Energy security and energy prices have become one of the biggest economic challenges for the world right after the global pandemic. Commodity prices for coal, oil and gas increased sharply in 2022.[1]
The soaring prices have generated abnormally high profits in the energy sector. In response, in September 2022, the European Union (EU) has agreed to implement a windfall tax on the record profits of energy firms as an emergency measure. The EU Council Regulation on an emergency intervention to address high prices of 6 October 2022, laid down the temporary rules for taxing ‘surplus profits generated by Union companies and permanent establishments with activities in the crude petroleum, natural gas, coal and refinery sectors’. This measure also includes a price cap on market revenues for certain electricity producers.
What is a windfall tax?
In general, a windfall tax is a tax on abnormal returns of companies that arise not due to the actions and decision of an investor, but from an unanticipated event like, for example, the COVID-19 pandemic or the Russian invasion of Ukraine.[2] History shows that similar taxes were introduced, for instance, also during the First and Second World Wars in the United States to “syphon off war profits”.[3]
The EU Council Regulation defines the surplus profit, or the ‘windfall profit’ as the profit calculated under national tax rules that is above a 20% increase of the average of the taxable profits starting on or after January 2018.[4] The applicable rate for the windfall tax is left to the consideration of Member States, but should be at least 33%.[5] Some Member States went far beyond this minimum rate.[6]

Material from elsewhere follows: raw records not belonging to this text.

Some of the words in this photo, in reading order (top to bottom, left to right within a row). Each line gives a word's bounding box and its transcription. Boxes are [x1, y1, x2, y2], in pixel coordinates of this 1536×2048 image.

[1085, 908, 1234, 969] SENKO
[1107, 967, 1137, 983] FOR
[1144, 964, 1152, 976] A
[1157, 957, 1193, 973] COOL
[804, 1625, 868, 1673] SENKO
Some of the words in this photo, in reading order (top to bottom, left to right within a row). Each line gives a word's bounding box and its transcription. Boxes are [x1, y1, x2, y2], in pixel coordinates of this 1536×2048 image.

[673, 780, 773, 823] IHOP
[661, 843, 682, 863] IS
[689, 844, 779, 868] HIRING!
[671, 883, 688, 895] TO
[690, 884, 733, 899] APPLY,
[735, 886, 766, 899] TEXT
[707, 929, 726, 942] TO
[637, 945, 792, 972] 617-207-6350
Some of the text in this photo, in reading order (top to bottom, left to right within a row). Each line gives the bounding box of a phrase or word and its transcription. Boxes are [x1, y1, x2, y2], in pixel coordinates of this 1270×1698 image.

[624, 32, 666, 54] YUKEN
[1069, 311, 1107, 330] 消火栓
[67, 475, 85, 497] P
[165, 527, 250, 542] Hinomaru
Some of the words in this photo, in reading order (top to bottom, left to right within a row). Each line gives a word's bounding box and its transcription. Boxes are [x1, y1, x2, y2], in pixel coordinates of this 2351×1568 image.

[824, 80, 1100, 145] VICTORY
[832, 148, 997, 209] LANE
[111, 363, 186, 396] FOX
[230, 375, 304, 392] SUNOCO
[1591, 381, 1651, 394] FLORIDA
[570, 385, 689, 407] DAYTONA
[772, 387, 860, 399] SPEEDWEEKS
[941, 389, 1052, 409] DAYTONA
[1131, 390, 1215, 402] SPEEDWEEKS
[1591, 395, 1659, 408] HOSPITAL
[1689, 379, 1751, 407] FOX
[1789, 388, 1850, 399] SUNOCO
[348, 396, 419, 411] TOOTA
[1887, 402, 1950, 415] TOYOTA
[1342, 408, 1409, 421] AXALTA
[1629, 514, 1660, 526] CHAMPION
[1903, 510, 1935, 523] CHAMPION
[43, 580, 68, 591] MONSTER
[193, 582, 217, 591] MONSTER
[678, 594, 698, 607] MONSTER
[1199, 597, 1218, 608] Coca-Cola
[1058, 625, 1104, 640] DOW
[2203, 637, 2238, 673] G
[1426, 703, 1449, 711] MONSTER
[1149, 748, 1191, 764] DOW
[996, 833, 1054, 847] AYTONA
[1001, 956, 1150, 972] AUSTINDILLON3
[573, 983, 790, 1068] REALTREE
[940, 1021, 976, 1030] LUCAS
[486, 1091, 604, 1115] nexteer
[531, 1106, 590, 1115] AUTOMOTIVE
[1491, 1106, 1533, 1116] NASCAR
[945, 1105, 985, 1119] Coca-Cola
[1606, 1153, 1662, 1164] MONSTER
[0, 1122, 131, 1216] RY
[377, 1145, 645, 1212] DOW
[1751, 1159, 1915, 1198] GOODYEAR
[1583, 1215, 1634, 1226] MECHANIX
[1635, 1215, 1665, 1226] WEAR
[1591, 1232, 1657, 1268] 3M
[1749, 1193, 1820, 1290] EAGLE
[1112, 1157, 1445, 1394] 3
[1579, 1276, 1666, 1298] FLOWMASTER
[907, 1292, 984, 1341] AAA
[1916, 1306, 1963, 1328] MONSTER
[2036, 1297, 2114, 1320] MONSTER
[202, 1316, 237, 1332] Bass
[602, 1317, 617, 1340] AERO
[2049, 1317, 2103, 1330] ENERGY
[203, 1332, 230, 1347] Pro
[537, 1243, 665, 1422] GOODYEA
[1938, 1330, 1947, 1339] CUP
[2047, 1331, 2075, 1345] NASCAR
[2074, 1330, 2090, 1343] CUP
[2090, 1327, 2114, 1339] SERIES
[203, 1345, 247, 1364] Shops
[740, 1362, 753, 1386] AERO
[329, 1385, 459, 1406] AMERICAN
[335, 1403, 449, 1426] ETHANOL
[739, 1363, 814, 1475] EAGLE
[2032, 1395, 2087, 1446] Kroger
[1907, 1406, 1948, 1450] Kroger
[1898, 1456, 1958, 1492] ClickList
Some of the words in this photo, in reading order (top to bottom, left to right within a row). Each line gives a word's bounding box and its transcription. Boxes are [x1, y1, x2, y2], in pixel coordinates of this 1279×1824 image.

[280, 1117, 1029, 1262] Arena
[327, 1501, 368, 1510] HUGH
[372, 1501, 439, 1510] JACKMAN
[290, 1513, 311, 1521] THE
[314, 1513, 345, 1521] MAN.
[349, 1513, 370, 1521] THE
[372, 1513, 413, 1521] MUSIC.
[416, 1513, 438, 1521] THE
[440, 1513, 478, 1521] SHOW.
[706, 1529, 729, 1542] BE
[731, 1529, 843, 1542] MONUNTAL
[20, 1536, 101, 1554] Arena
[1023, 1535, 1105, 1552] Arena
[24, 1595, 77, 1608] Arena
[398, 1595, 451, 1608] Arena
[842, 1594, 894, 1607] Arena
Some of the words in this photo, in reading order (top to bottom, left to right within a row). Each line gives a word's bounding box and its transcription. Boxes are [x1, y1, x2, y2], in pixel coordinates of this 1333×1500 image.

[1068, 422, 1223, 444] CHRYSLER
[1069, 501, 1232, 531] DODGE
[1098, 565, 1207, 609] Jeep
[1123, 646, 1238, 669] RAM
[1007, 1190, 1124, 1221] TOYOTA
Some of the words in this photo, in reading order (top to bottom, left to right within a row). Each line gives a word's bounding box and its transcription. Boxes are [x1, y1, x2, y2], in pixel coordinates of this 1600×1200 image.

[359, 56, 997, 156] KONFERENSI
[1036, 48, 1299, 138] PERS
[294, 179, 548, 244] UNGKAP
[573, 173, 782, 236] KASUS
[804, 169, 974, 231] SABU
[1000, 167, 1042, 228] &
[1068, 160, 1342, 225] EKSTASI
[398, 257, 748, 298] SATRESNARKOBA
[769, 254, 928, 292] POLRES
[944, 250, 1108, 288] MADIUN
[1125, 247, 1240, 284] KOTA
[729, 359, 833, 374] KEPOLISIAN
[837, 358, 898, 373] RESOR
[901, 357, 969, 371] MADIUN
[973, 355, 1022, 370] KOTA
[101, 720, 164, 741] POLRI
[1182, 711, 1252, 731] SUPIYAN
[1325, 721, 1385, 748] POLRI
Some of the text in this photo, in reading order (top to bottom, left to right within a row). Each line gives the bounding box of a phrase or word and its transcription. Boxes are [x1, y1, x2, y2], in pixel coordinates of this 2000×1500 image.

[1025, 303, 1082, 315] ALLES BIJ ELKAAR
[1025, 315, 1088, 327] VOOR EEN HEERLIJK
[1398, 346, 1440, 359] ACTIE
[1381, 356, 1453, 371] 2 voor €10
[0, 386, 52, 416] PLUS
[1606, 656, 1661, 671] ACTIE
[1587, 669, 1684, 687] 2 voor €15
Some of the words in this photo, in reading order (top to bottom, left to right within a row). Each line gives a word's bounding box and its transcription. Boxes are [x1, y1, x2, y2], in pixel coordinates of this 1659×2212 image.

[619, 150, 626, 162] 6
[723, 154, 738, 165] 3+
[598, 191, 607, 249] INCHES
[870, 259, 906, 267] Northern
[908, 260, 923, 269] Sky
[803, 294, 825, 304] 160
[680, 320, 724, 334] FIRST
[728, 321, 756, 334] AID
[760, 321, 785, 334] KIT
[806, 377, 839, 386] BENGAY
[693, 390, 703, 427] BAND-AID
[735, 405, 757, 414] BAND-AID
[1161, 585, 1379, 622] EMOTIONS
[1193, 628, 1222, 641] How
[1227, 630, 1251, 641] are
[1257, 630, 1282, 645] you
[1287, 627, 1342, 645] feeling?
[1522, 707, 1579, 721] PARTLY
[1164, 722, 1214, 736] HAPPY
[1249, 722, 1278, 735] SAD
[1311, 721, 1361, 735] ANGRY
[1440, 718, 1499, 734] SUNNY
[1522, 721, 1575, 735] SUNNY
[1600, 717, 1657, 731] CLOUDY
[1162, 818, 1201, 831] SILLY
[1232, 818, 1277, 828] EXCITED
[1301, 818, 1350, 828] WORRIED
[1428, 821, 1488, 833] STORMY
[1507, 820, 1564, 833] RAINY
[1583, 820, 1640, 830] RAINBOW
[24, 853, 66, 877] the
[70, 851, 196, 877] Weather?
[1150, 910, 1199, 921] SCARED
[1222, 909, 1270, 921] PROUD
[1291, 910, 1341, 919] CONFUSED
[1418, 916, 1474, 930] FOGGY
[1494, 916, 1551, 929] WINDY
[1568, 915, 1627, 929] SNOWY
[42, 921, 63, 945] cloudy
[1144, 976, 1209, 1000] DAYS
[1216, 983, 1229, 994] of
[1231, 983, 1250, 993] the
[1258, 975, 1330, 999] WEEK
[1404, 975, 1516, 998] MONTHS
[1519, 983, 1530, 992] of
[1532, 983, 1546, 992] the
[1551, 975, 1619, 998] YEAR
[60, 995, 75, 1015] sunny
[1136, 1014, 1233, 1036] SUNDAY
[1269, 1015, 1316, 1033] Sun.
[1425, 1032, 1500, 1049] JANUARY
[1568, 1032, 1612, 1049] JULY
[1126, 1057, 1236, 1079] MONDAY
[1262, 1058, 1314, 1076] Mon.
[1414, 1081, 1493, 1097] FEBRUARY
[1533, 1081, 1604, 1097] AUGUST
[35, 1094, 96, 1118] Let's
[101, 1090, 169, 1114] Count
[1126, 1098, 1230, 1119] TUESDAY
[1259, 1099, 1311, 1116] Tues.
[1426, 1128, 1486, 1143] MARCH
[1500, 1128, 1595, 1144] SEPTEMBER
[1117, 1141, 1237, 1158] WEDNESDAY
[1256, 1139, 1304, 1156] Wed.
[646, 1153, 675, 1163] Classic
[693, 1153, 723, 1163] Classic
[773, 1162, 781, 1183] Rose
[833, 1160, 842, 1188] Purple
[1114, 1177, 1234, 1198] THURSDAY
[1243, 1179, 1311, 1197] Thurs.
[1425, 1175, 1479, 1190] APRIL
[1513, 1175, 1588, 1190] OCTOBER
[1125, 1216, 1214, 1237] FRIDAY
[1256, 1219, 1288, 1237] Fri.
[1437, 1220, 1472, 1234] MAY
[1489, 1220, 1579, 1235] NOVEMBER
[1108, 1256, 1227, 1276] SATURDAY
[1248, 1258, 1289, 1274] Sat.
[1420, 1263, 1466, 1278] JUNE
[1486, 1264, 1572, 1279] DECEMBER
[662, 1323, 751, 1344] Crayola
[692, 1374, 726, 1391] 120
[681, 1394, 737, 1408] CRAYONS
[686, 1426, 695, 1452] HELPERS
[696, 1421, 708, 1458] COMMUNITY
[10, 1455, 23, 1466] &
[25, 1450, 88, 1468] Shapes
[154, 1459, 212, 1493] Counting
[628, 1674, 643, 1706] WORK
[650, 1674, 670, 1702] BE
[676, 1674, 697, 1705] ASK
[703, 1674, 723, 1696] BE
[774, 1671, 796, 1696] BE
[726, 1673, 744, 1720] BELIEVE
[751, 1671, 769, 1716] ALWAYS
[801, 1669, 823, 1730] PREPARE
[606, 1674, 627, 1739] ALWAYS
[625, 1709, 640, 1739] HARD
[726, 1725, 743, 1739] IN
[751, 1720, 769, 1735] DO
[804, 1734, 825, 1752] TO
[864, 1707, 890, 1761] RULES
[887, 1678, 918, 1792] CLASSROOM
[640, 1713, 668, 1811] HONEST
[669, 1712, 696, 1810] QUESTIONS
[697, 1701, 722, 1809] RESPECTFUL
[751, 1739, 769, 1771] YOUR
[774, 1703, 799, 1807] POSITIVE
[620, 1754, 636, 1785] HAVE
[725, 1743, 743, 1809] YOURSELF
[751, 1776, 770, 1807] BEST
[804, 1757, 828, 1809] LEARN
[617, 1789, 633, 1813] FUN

Why windfall profits are peculiar from a transfer pricing perspective?
Since the proceeds from the windfall tax will be used to provide financial support for households and energy security projects, it is fair to expect that for governments the following question becomes important: Which entity or permanent establishment (PE) in large multinational groups accumulate the windfall profits and hence which jurisdiction will be entitled to tax it at an extraordinarily high rate?
For example, let us assume that for Multinational Enterprise A, a natural gas field, facilities and production are located in Norway. However, key-management people who are responsible for strategic decision-making including purchasing additional production equipment and concluding long-term sales agreements, are located in Denmark and the United Kingdom (UK). Which jurisdiction should in such a case be entitled, from a transfer pricing perspective, to tax the excess profit in 2023: Norway, where the gas reserve, facilities, and production with personnel are located or Denmark and the UK, where the key decision-makers are based?
What the OECD Transfer Pricing Guidelines have to say about the allocation of windfall profits?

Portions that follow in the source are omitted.